- [What you need to do]:
For this exercise, repeat the whole listing below exactly. Leave the pictures out.

- [Input material]:
☆ ☆ ☆

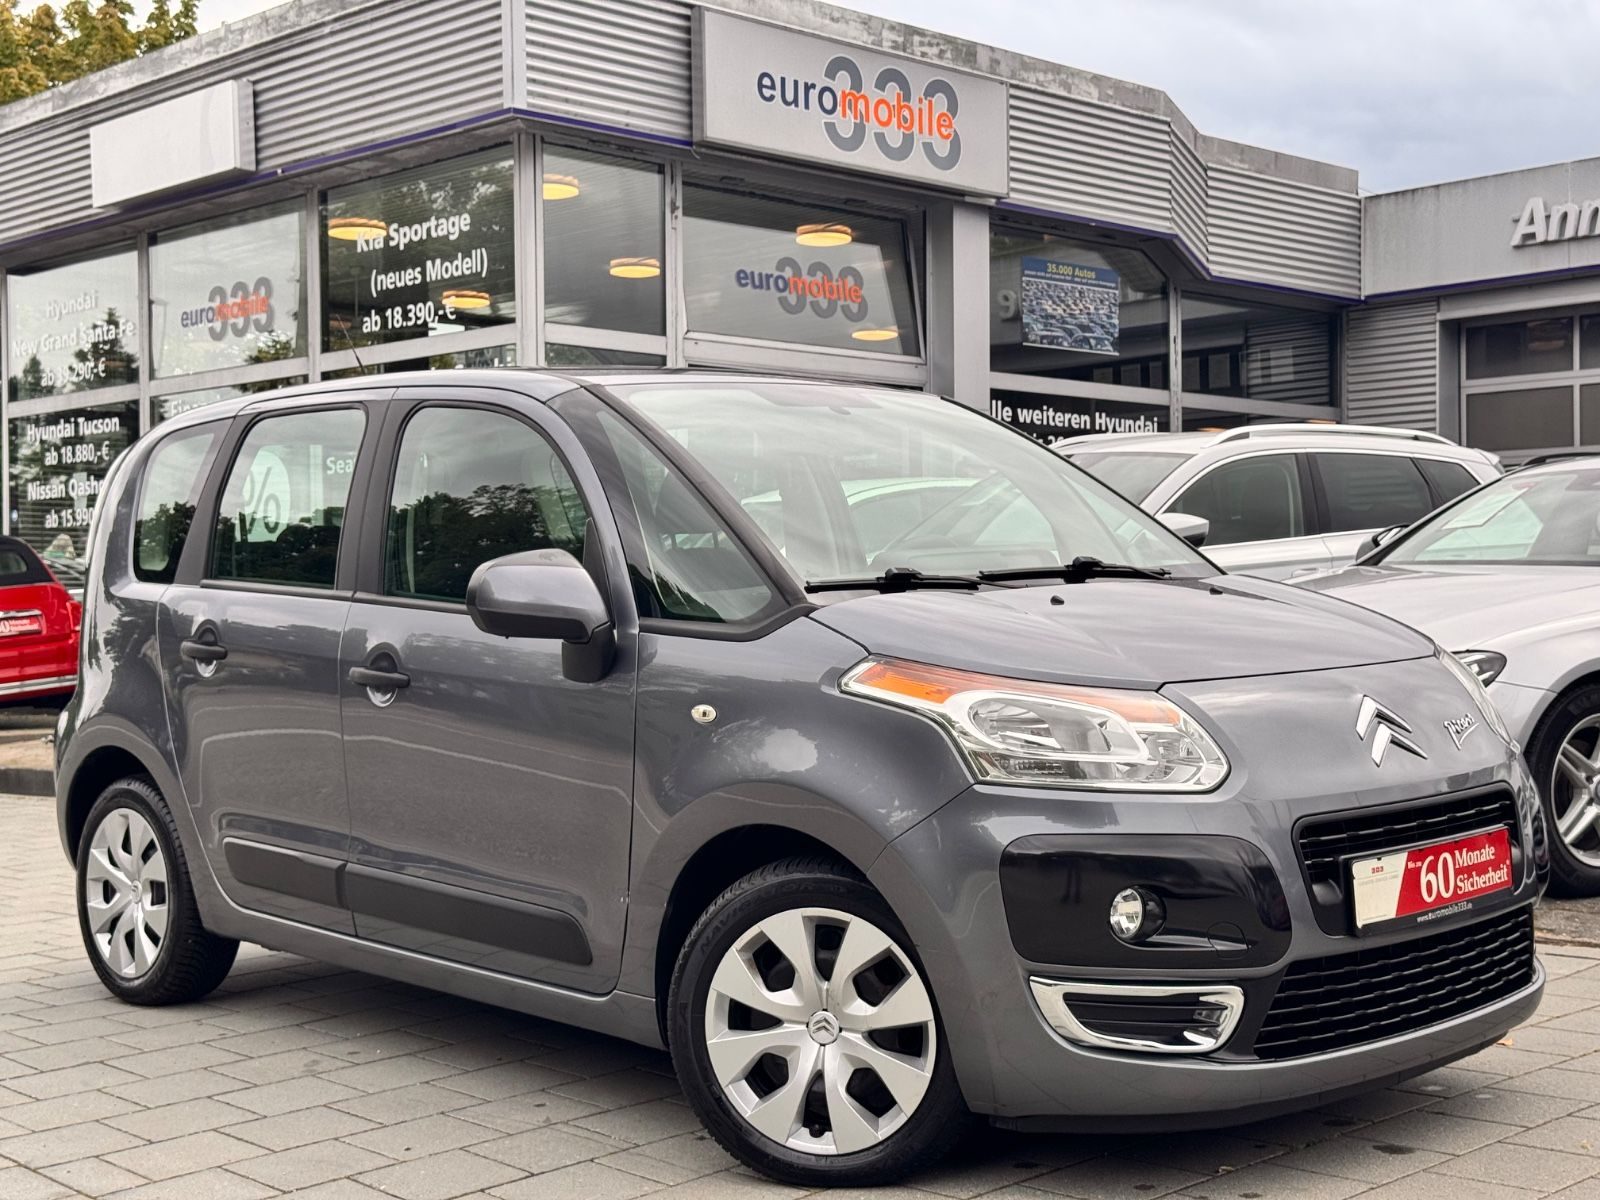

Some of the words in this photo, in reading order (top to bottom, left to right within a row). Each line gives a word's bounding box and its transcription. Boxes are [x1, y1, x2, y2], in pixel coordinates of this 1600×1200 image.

[756, 71, 955, 141] euromobile
[823, 55, 963, 172] 333
[388, 212, 471, 250] Sportage
[370, 268, 422, 297] (neues
[426, 248, 488, 283] Modell)
[735, 268, 863, 304] euromobile
[1046, 263, 1073, 276] 35.000
[1074, 267, 1097, 279] Autos
[775, 256, 869, 323] 333
[46, 290, 98, 321] Hyundai
[181, 294, 270, 328] euromobile
[207, 276, 275, 342] 333
[362, 309, 381, 333] ab
[12, 338, 38, 358] New
[40, 328, 77, 352] Grand
[79, 324, 116, 347] Santa
[118, 319, 134, 337] Fe
[40, 368, 55, 387] ab
[27, 417, 75, 443] Hyundai
[79, 416, 120, 436] Tucson
[1017, 405, 1091, 430] weiteren
[1095, 412, 1158, 433] Hyundai
[45, 447, 59, 466] ab
[326, 456, 355, 475] Sea
[27, 481, 66, 501] Nissan
[45, 509, 59, 528] ab
[1454, 842, 1496, 870] Monate
[1420, 852, 1456, 903] 60
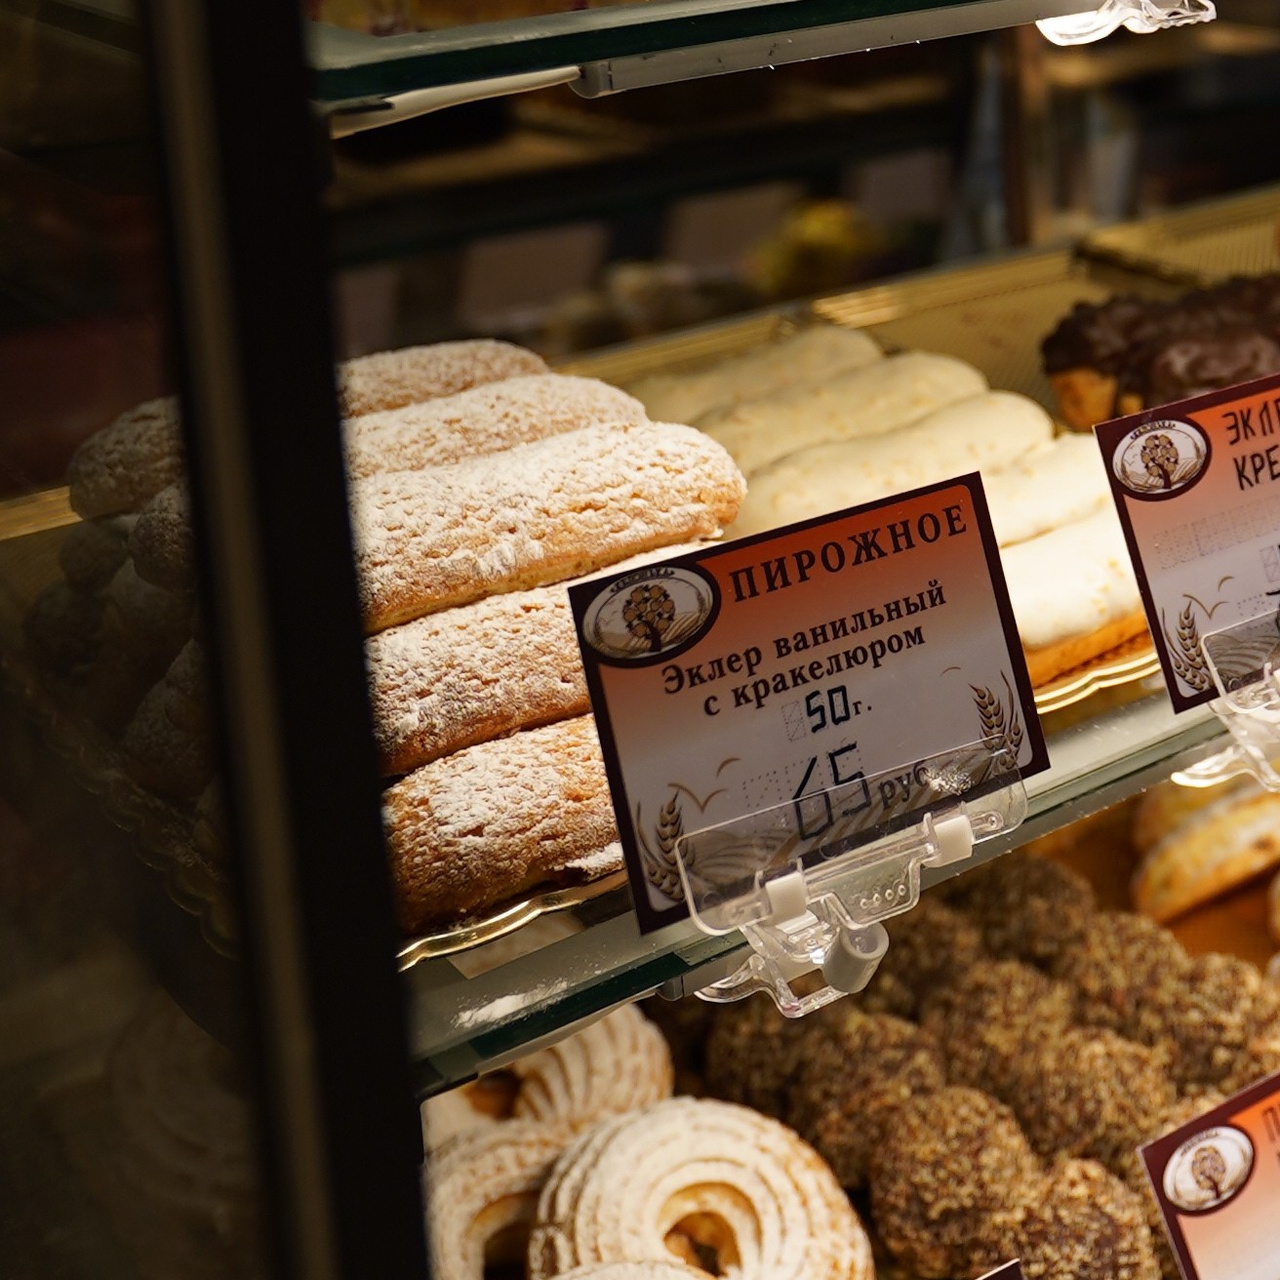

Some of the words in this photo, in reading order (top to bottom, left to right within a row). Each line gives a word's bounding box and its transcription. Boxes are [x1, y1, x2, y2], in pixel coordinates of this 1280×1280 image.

☆ ☆ ☆

- [Output for this task]:
Some of the words in this photo, in reading order (top to bottom, left to right within a row). Each line gives a word's bounding box and its transcription. Boxes are [x1, y1, x2, y2], in pixel coordinates of this 1600×1200 image.

[756, 71, 955, 141] euromobile
[823, 55, 963, 172] 333
[388, 212, 471, 250] Sportage
[370, 268, 422, 297] (neues
[426, 248, 488, 283] Modell)
[735, 268, 863, 304] euromobile
[1046, 263, 1073, 276] 35.000
[1074, 267, 1097, 279] Autos
[775, 256, 869, 323] 333
[46, 290, 98, 321] Hyundai
[181, 294, 270, 328] euromobile
[207, 276, 275, 342] 333
[362, 309, 381, 333] ab
[12, 338, 38, 358] New
[40, 328, 77, 352] Grand
[79, 324, 116, 347] Santa
[118, 319, 134, 337] Fe
[40, 368, 55, 387] ab
[27, 417, 75, 443] Hyundai
[79, 416, 120, 436] Tucson
[1017, 405, 1091, 430] weiteren
[1095, 412, 1158, 433] Hyundai
[45, 447, 59, 466] ab
[326, 456, 355, 475] Sea
[27, 481, 66, 501] Nissan
[45, 509, 59, 528] ab
[1454, 842, 1496, 870] Monate
[1420, 852, 1456, 903] 60

Some of the words in this photo, in reading order (top to bottom, left to right within a row). Each line gives a word's bounding box and its transcription. Boxes are [x1, y1, x2, y2], in pixel coordinates of this 1280×1280 image.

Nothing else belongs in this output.